- _WHAT IS BEING ASKED_
For each line in the records, produce an exact copy.

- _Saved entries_
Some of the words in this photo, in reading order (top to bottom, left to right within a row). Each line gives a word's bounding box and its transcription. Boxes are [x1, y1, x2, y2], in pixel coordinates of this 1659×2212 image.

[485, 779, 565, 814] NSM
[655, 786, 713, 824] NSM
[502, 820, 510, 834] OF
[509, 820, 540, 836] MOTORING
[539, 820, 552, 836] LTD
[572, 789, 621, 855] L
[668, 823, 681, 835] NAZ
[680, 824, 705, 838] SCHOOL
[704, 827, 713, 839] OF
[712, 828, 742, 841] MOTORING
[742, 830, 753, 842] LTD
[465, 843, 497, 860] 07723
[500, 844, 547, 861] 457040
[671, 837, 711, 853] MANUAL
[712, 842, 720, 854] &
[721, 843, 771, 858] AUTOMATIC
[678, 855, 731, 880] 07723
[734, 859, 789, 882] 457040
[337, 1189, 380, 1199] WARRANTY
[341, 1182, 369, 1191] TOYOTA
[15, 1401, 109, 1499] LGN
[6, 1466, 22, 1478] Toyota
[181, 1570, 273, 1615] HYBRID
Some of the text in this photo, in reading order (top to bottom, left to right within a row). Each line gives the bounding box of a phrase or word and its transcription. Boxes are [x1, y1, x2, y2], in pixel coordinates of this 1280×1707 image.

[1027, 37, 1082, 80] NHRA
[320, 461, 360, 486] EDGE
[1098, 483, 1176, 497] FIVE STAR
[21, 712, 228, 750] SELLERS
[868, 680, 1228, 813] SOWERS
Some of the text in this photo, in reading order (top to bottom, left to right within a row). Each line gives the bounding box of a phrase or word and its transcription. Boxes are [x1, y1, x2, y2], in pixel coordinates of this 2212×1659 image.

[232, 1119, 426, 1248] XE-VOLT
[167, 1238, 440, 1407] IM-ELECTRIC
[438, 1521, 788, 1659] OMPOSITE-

- _TASK ANSWER_
Some of the words in this photo, in reading order (top to bottom, left to right within a row). Each line gives a word's bounding box and its transcription. Boxes are [x1, y1, x2, y2], in pixel coordinates of this 1659×2212 image.

[485, 779, 565, 814] NSM
[655, 786, 713, 824] NSM
[502, 820, 510, 834] OF
[509, 820, 540, 836] MOTORING
[539, 820, 552, 836] LTD
[572, 789, 621, 855] L
[668, 823, 681, 835] NAZ
[680, 824, 705, 838] SCHOOL
[704, 827, 713, 839] OF
[712, 828, 742, 841] MOTORING
[742, 830, 753, 842] LTD
[465, 843, 497, 860] 07723
[500, 844, 547, 861] 457040
[671, 837, 711, 853] MANUAL
[712, 842, 720, 854] &
[721, 843, 771, 858] AUTOMATIC
[678, 855, 731, 880] 07723
[734, 859, 789, 882] 457040
[337, 1189, 380, 1199] WARRANTY
[341, 1182, 369, 1191] TOYOTA
[15, 1401, 109, 1499] LGN
[6, 1466, 22, 1478] Toyota
[181, 1570, 273, 1615] HYBRID
Some of the text in this photo, in reading order (top to bottom, left to right within a row). Each line gives the bounding box of a phrase or word and its transcription. Boxes are [x1, y1, x2, y2], in pixel coordinates of this 1280×1707 image.

[1027, 37, 1082, 80] NHRA
[320, 461, 360, 486] EDGE
[1098, 483, 1176, 497] FIVE STAR
[21, 712, 228, 750] SELLERS
[868, 680, 1228, 813] SOWERS
Some of the text in this photo, in reading order (top to bottom, left to right within a row). Each line gives the bounding box of a phrase or word and its transcription. Boxes are [x1, y1, x2, y2], in pixel coordinates of this 2212×1659 image.

[232, 1119, 426, 1248] XE-VOLT
[167, 1238, 440, 1407] IM-ELECTRIC
[438, 1521, 788, 1659] OMPOSITE-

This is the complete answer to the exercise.